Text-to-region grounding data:
++++++++++++++++++++

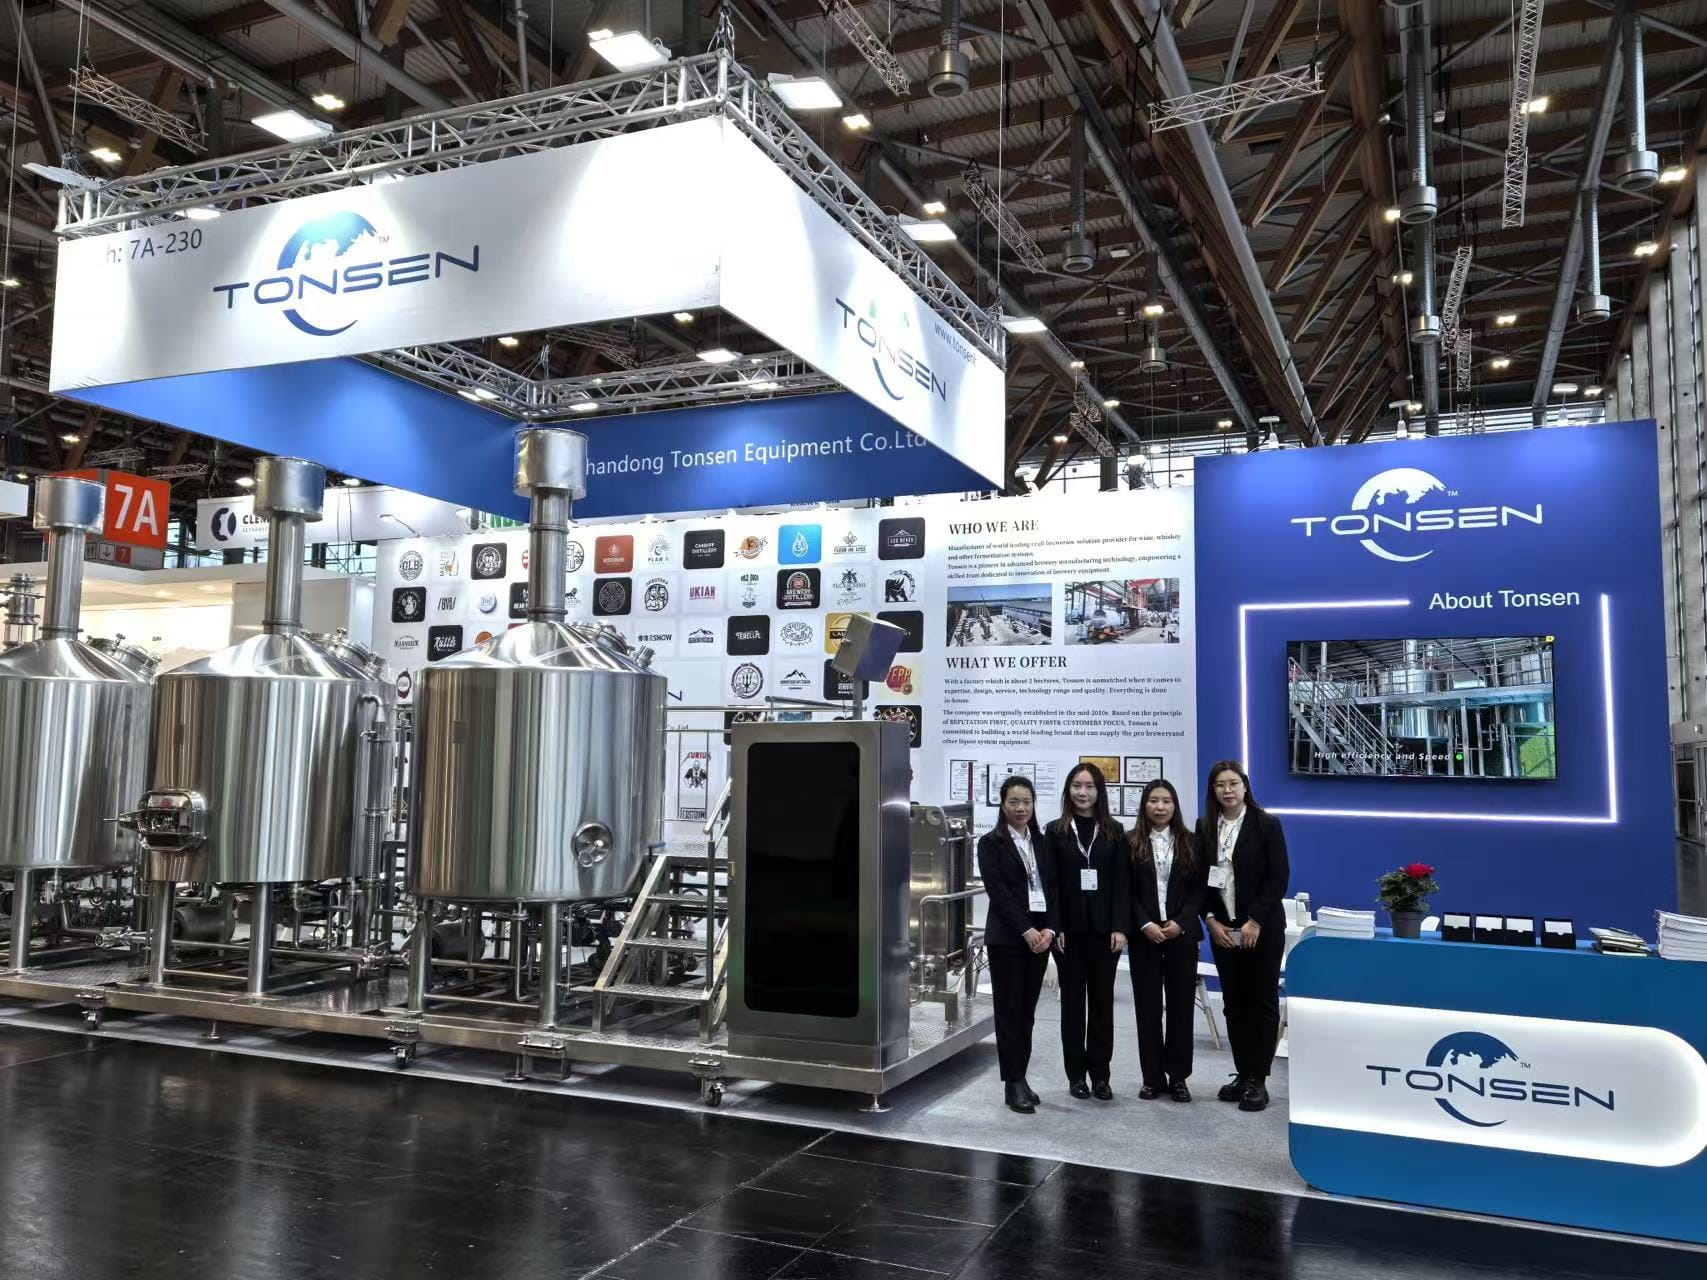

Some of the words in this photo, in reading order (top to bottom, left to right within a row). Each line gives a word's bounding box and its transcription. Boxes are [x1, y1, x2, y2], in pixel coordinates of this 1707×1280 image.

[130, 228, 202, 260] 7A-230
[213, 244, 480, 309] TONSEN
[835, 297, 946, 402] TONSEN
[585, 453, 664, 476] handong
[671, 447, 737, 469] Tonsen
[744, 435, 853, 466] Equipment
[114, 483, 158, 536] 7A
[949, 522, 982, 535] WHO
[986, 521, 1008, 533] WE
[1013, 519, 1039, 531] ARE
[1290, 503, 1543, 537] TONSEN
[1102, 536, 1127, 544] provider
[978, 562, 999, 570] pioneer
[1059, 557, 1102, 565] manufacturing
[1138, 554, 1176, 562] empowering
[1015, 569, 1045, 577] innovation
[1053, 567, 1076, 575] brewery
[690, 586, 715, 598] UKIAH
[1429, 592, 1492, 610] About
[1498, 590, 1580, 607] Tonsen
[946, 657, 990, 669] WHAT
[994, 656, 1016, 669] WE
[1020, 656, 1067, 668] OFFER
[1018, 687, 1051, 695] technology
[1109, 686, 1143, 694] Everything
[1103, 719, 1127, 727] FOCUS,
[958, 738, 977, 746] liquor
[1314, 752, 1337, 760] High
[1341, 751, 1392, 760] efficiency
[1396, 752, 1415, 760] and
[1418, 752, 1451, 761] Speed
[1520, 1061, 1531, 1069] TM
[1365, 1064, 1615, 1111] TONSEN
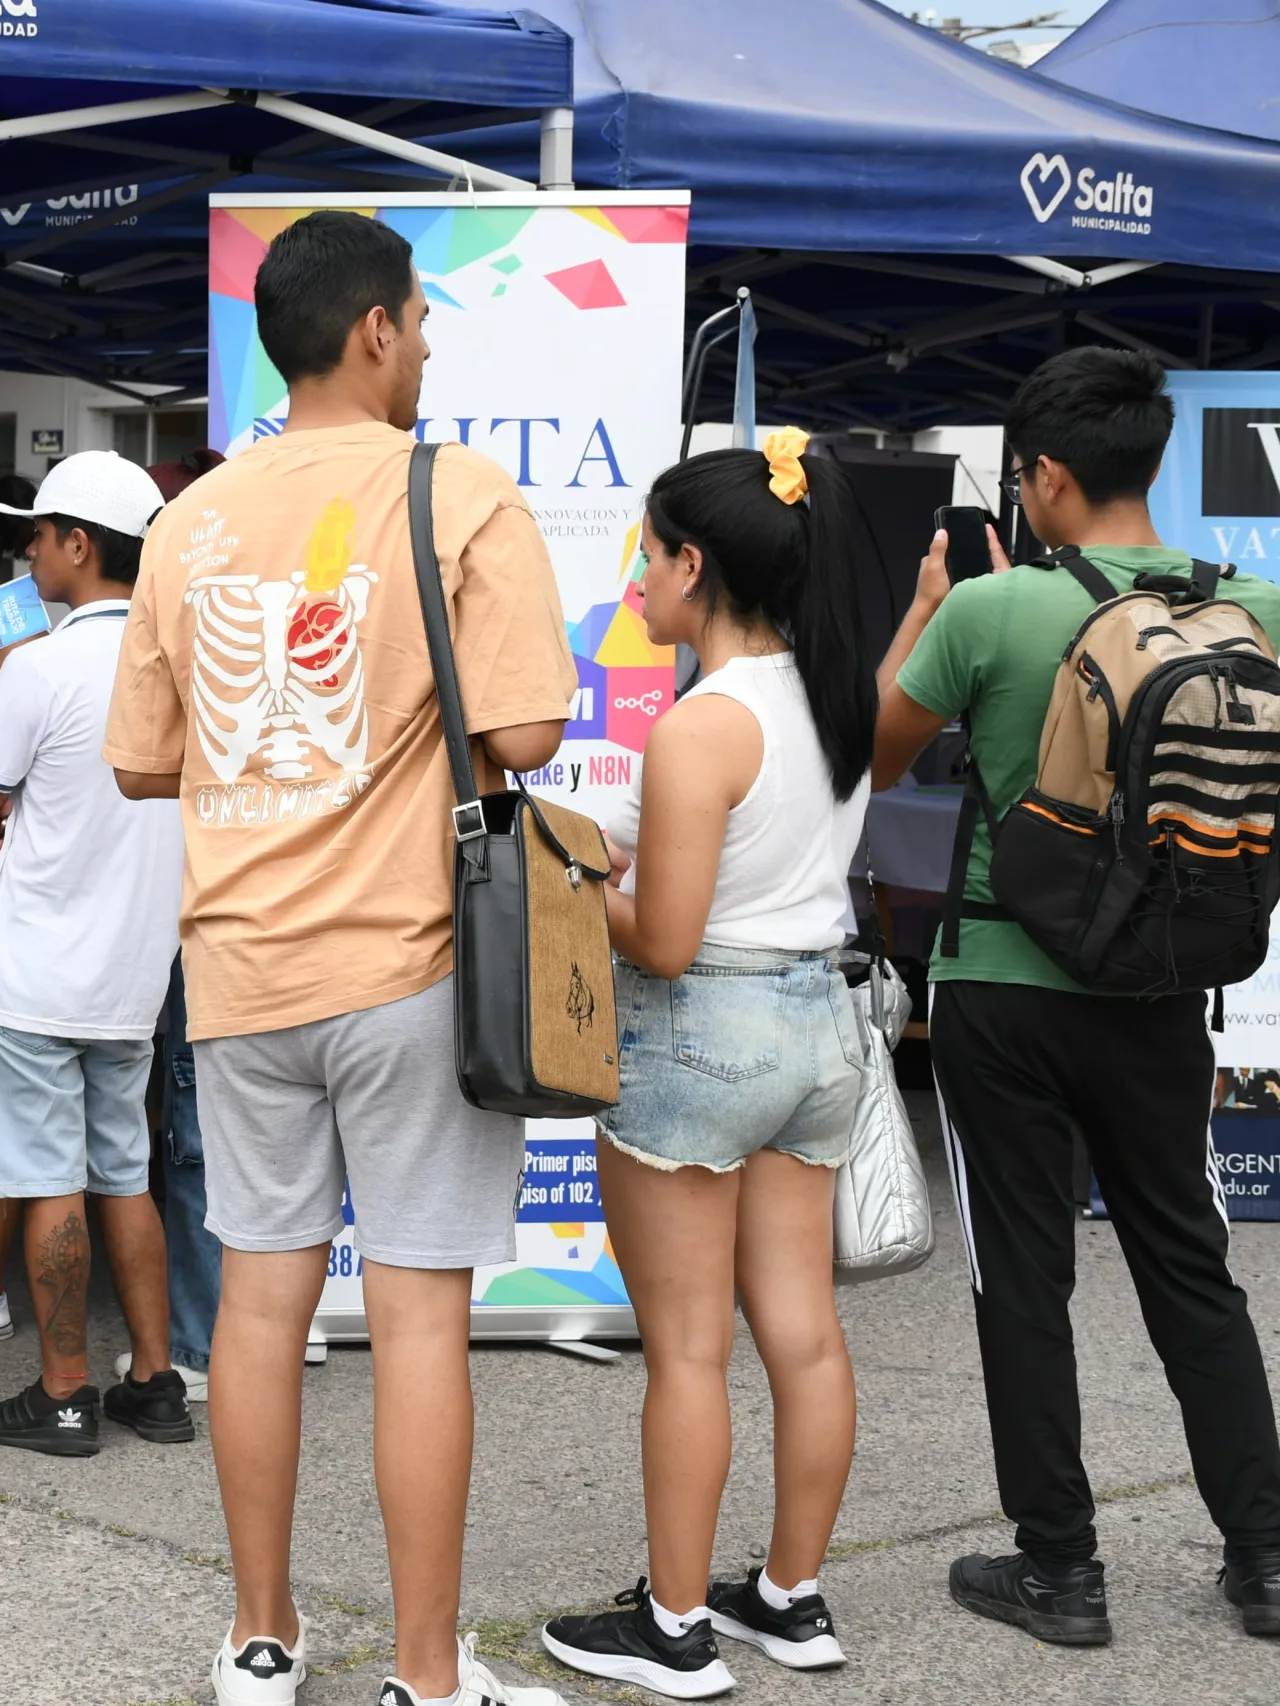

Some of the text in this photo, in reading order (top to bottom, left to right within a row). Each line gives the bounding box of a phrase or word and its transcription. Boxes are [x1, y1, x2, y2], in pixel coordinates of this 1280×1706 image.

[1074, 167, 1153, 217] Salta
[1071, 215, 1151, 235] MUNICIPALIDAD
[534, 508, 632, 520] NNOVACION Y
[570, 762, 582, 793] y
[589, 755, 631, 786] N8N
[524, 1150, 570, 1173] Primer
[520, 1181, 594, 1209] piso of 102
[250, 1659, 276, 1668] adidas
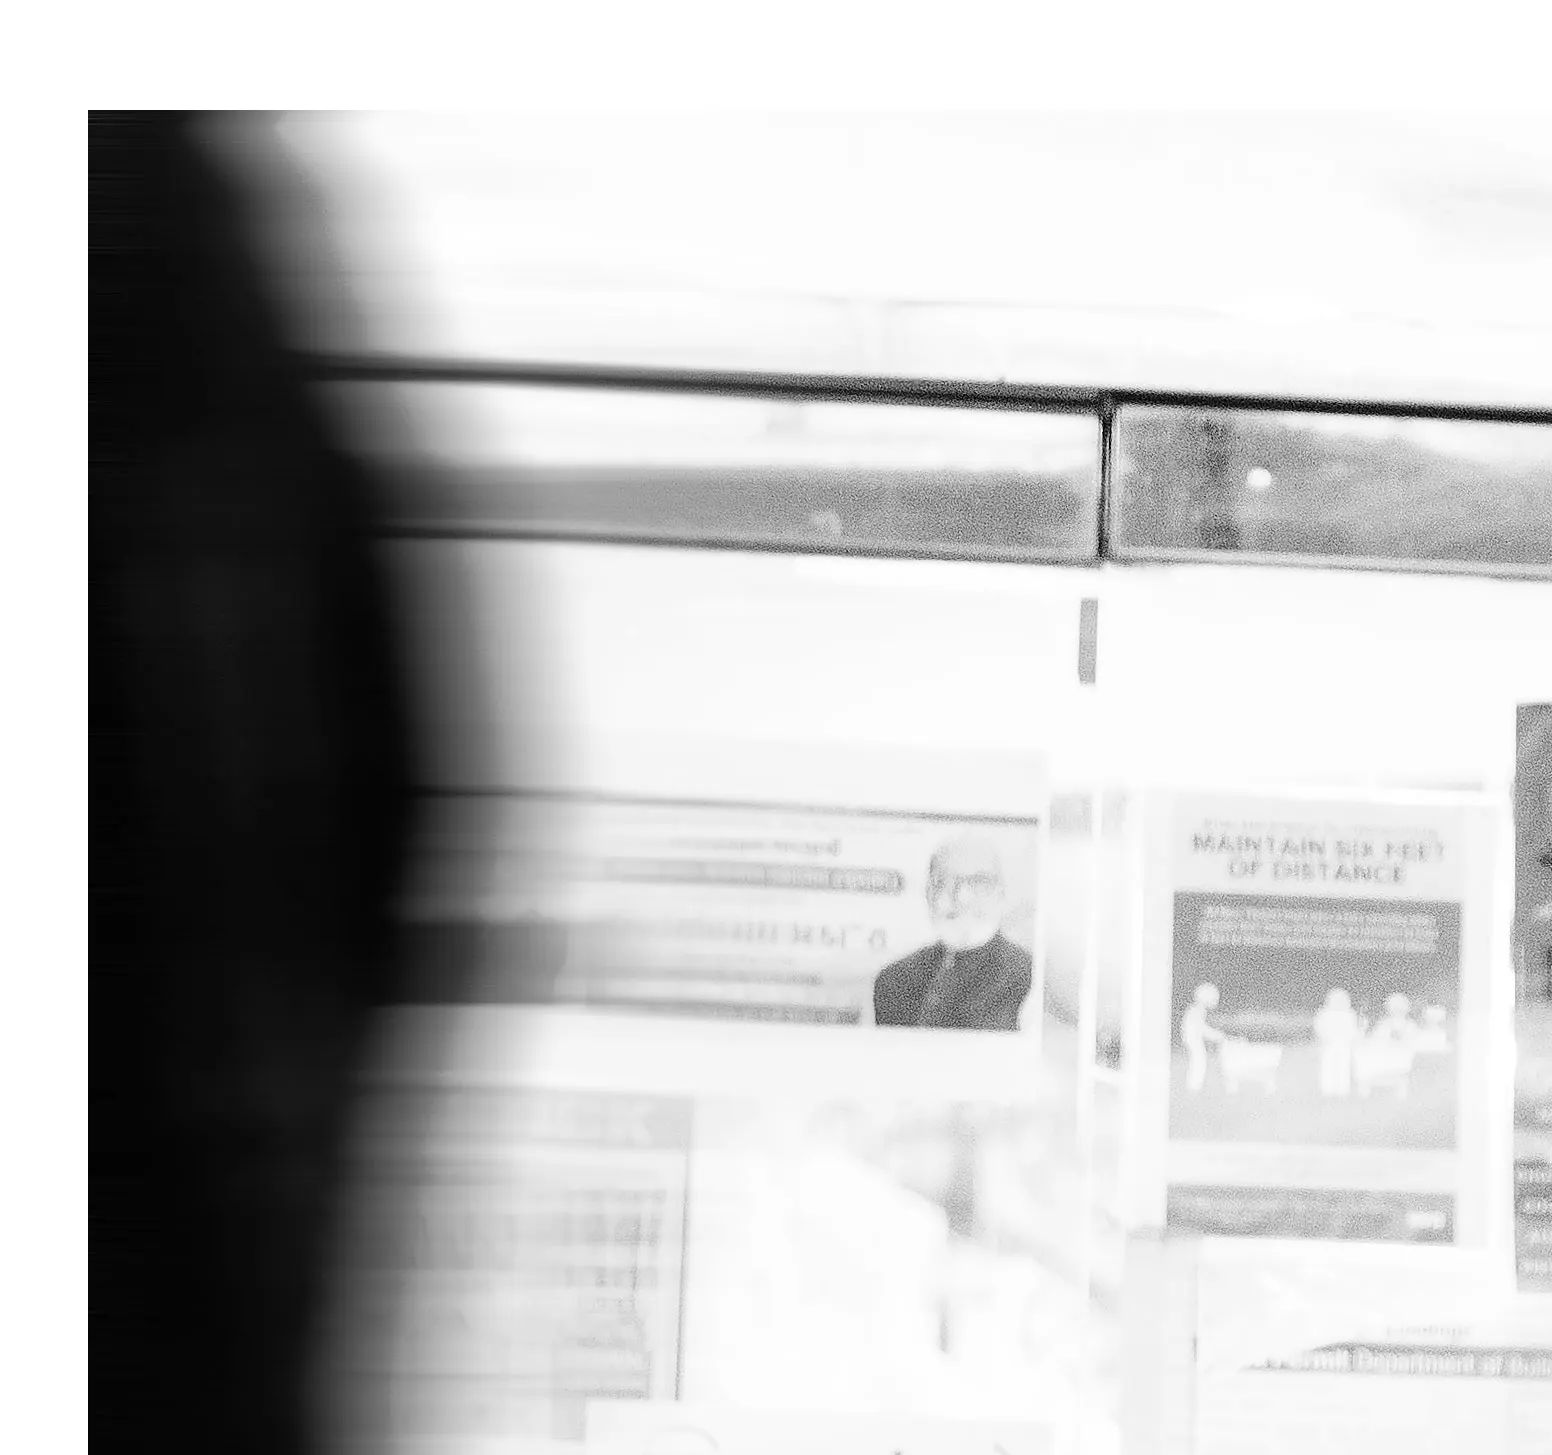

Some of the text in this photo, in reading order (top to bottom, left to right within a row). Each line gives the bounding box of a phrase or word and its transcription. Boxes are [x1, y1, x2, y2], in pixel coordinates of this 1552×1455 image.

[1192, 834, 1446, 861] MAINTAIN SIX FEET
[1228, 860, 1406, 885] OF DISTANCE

++++++++++++++++++++

What is being asked: Print all of the records shown above exactly, leaving out each picture.

Response:
Some of the words in this photo, in reading order (top to bottom, left to right within a row). Each line gives a word's bounding box and its transcription. Boxes are [x1, y1, x2, y2], in pixel coordinates of this 1707×1280 image.

[130, 228, 202, 260] 7A-230
[213, 244, 480, 309] TONSEN
[835, 297, 946, 402] TONSEN
[585, 453, 664, 476] handong
[671, 447, 737, 469] Tonsen
[744, 435, 853, 466] Equipment
[114, 483, 158, 536] 7A
[949, 522, 982, 535] WHO
[986, 521, 1008, 533] WE
[1013, 519, 1039, 531] ARE
[1290, 503, 1543, 537] TONSEN
[1102, 536, 1127, 544] provider
[978, 562, 999, 570] pioneer
[1059, 557, 1102, 565] manufacturing
[1138, 554, 1176, 562] empowering
[1015, 569, 1045, 577] innovation
[1053, 567, 1076, 575] brewery
[690, 586, 715, 598] UKIAH
[1429, 592, 1492, 610] About
[1498, 590, 1580, 607] Tonsen
[946, 657, 990, 669] WHAT
[994, 656, 1016, 669] WE
[1020, 656, 1067, 668] OFFER
[1018, 687, 1051, 695] technology
[1109, 686, 1143, 694] Everything
[1103, 719, 1127, 727] FOCUS,
[958, 738, 977, 746] liquor
[1314, 752, 1337, 760] High
[1341, 751, 1392, 760] efficiency
[1396, 752, 1415, 760] and
[1418, 752, 1451, 761] Speed
[1520, 1061, 1531, 1069] TM
[1365, 1064, 1615, 1111] TONSEN

Some of the text in this photo, in reading order (top to bottom, left to right within a row). Each line gives the bounding box of a phrase or word and its transcription. Boxes are [x1, y1, x2, y2], in pixel coordinates of this 1280×1706 image.

[1074, 167, 1153, 217] Salta
[1071, 215, 1151, 235] MUNICIPALIDAD
[534, 508, 632, 520] NNOVACION Y
[570, 762, 582, 793] y
[589, 755, 631, 786] N8N
[524, 1150, 570, 1173] Primer
[520, 1181, 594, 1209] piso of 102
[250, 1659, 276, 1668] adidas

Some of the text in this photo, in reading order (top to bottom, left to right within a row). Each line gives the bounding box of a phrase or word and its transcription. Boxes are [x1, y1, x2, y2], in pixel coordinates of this 1552×1455 image.

[1192, 834, 1446, 861] MAINTAIN SIX FEET
[1228, 860, 1406, 885] OF DISTANCE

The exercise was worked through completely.